The concern of all religions is the soul, and Catholicism will walk any path it can, use any ammunition it can find, to reach yours. This includes art and song and verse and food and community and power and fear and love—and scent.
Religion, like perfume, is performative, and there is no religion that is better at performing faith than Catholicism. There’s a pageantry to the church of Saint Peter in which scent plays a prominent part. If you have ever walked into a church, you’ve smelled it. Even when you leave, it clings to you. The scent of God, the smoke from the thurible, the holy resin—the incense.

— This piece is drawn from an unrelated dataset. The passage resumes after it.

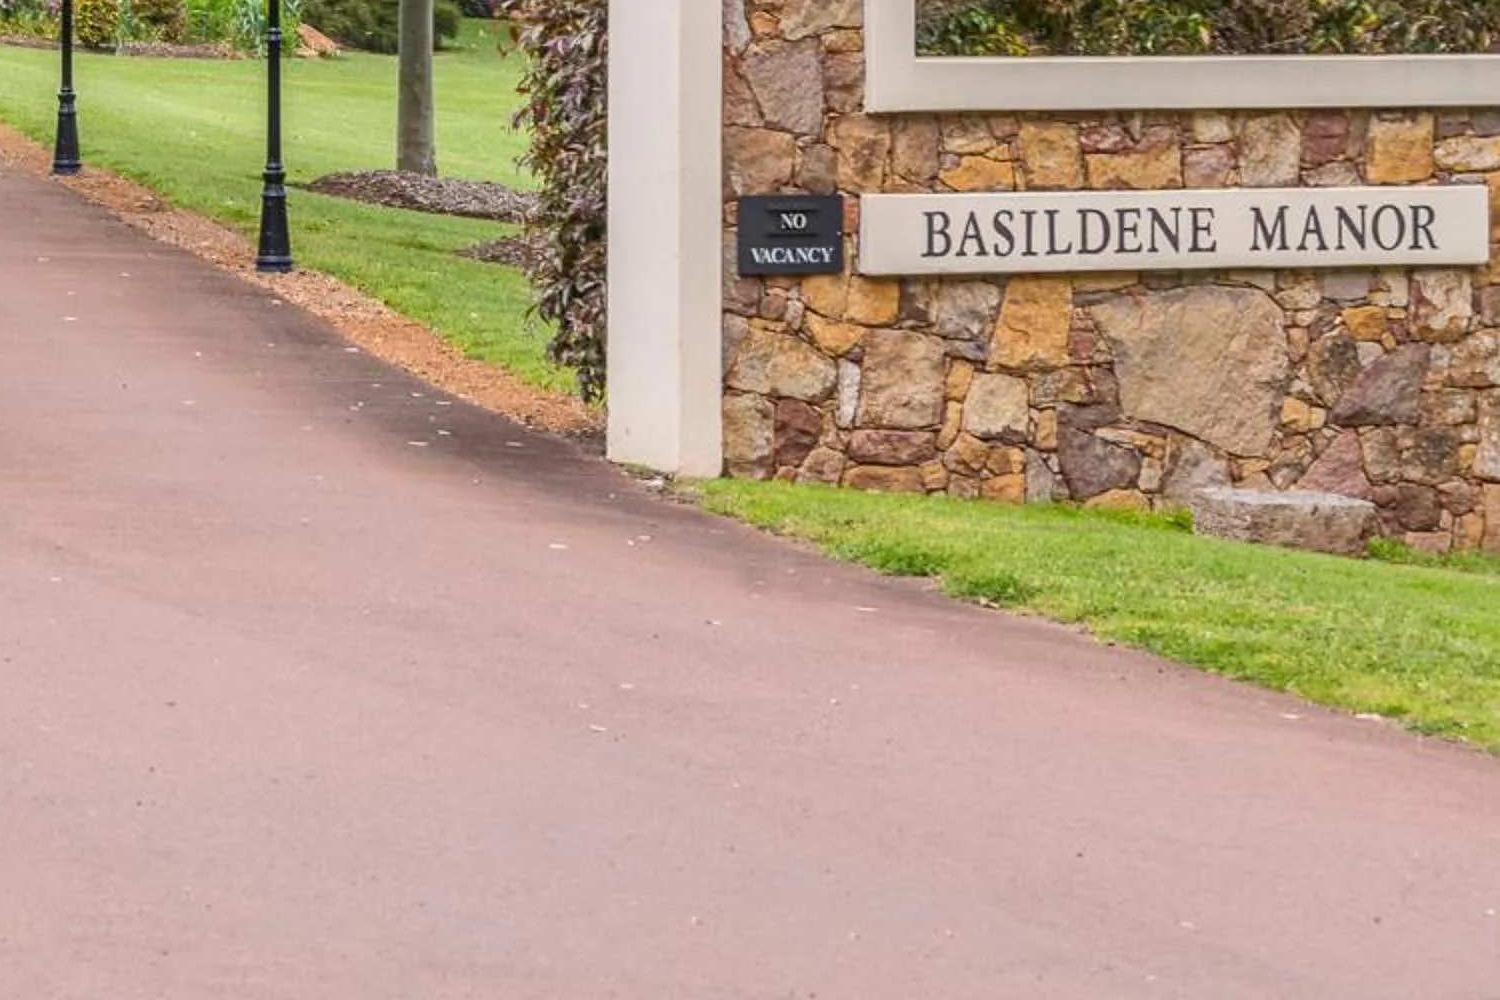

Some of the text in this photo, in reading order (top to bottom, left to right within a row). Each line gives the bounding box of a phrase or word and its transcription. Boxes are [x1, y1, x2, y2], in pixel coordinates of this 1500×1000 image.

The Bible, amongst other notable uses, is a perfume lover’s dream. Its stories and passages are filled with powerful imagery of fragrance, the scent of bodies and empires and revelations. The Book of Exodus contains a passage where God, like an evaluator at Givaudan, gives Moses a briefing to blend the sacred incense to be burned in temples:
“Take unto yourself sweet spices, stacte, and onycha, and galbanum; these sweet spices with pure frankincense: of each shall there be a like weight: And you shall make it a perfume.”
Humanity does not agree on much. But it seems we can all agree that if there is a scent that is closest to heaven, it would be incense.
Technically any resin or material that is burned over coals or in ritual can be called incense, but our focus today is on the traditional interpretation of frankincense. Also known as olibanum, this material is a resin from the boswellia tree that grows natively in Eastern Africa and Southern Arabia. It has been associated with the spiritual for thousands of years, long before it was gifted to Mary by one of the wise men.
In the world of modern perfumery, frankincense is an ancient material that still has a modern resonance. There are houses and perfumers that obsess over incense like our ancestors did, trying to build monuments around its resinous, piney dryness. There are countless scents that use incense as a central note to give depth and mystery, to evoke the spiritual or the divine.
The power of incense is the same in perfume as it is in religion: it fills the air around you, the smoke filling every corner of a room or a chapel. It gets in your nose and lingers for hours in your hair. It is dry and sharp but also sweet somehow, mellow, as if it holds some kind of ancient wisdom or deep knowledge. There’s always a feeling of wafting upwards when you smell incense—as if your perfume, like a thurible, is a vehicle for sending your thoughts directly to whatever lives above.
COLLAGE

MUSIC
If You Could Read My Mind (Gordon Lightfoot cover)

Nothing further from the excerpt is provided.